An exact copy of every entry is the answer here, with no pictures.

-=-=-=-=-

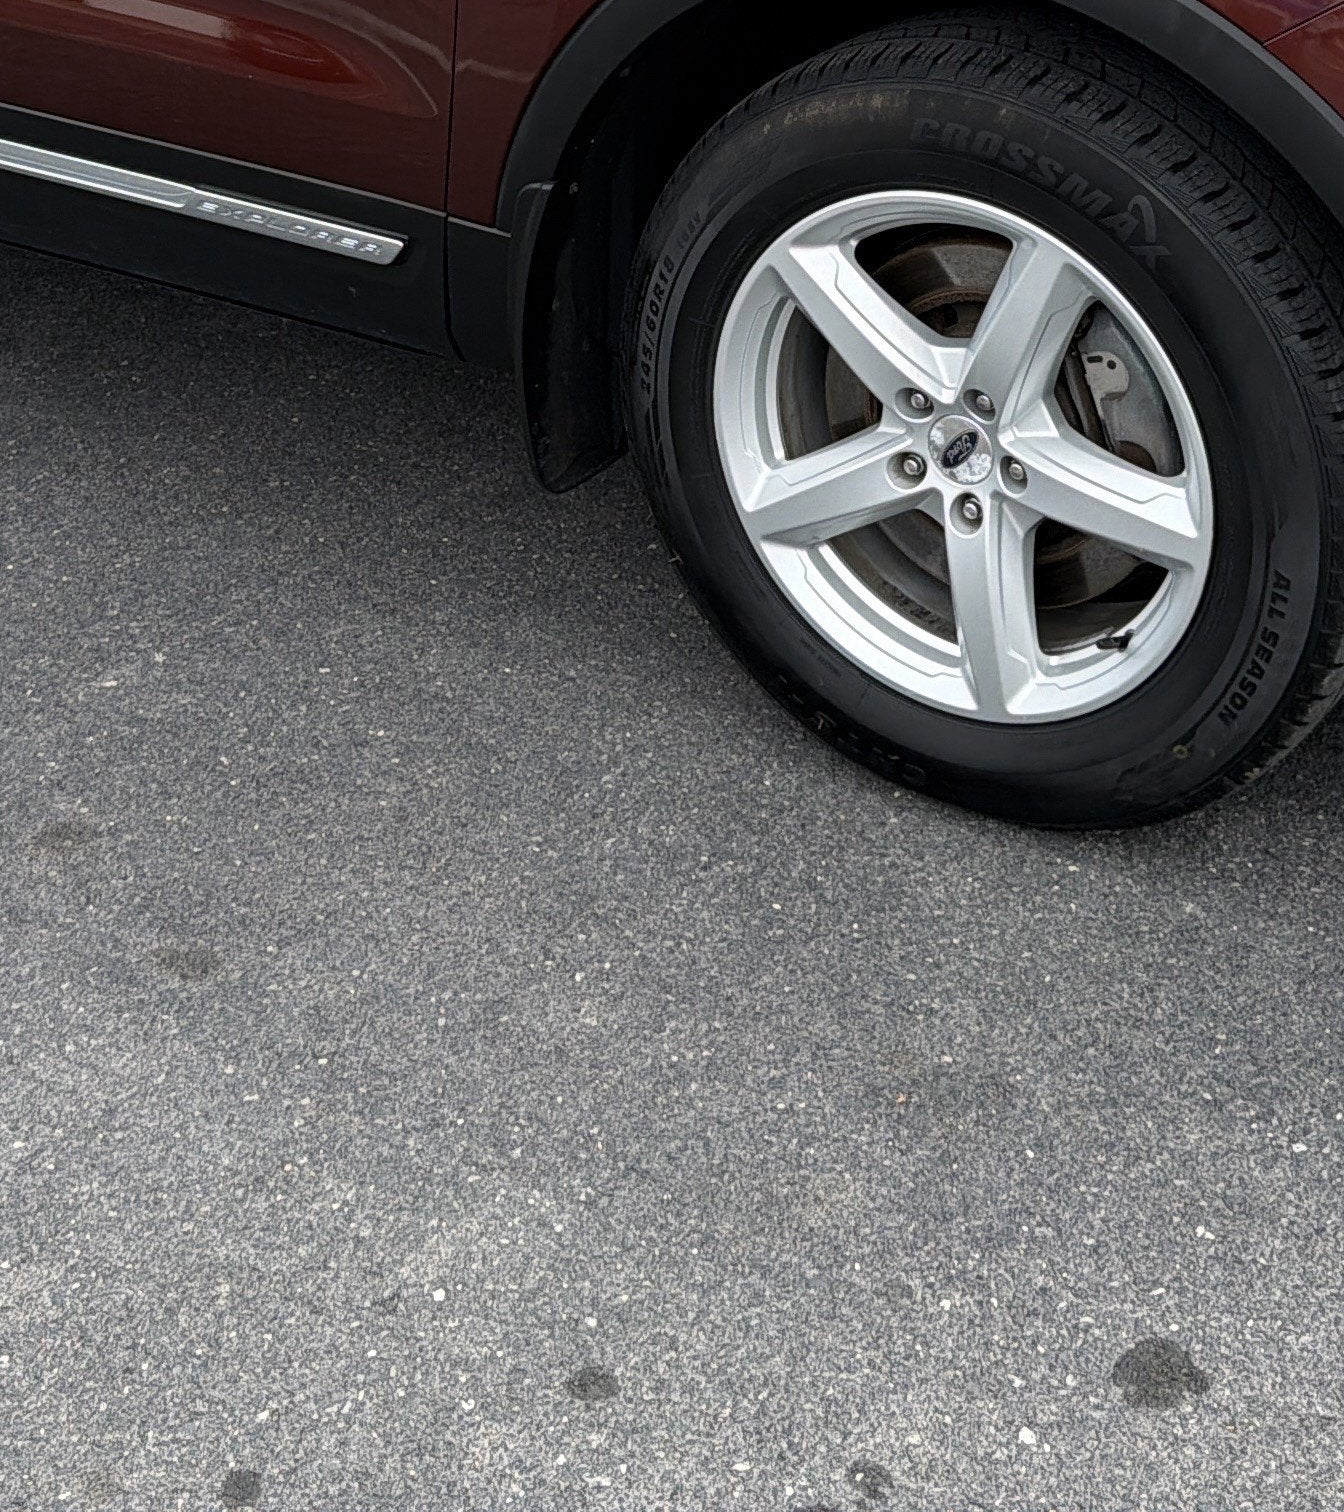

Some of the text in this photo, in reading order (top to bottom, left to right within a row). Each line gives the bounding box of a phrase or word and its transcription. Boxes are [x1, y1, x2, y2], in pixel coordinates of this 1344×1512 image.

[196, 200, 382, 256] EXPLORER
[909, 116, 1173, 272] CROSSMAX
[944, 431, 975, 467] Ford
[1218, 568, 1292, 727] ALL SEASON

-=-=-=-=-

» Exercise response:
Some of the text in this photo, in reading order (top to bottom, left to right within a row). Each line gives the bounding box of a phrase or word and its transcription. Boxes are [x1, y1, x2, y2], in pixel coordinates of this 1344×1512 image.

[196, 200, 382, 256] EXPLORER
[909, 116, 1173, 272] CROSSMAX
[944, 431, 975, 467] Ford
[1218, 568, 1292, 727] ALL SEASON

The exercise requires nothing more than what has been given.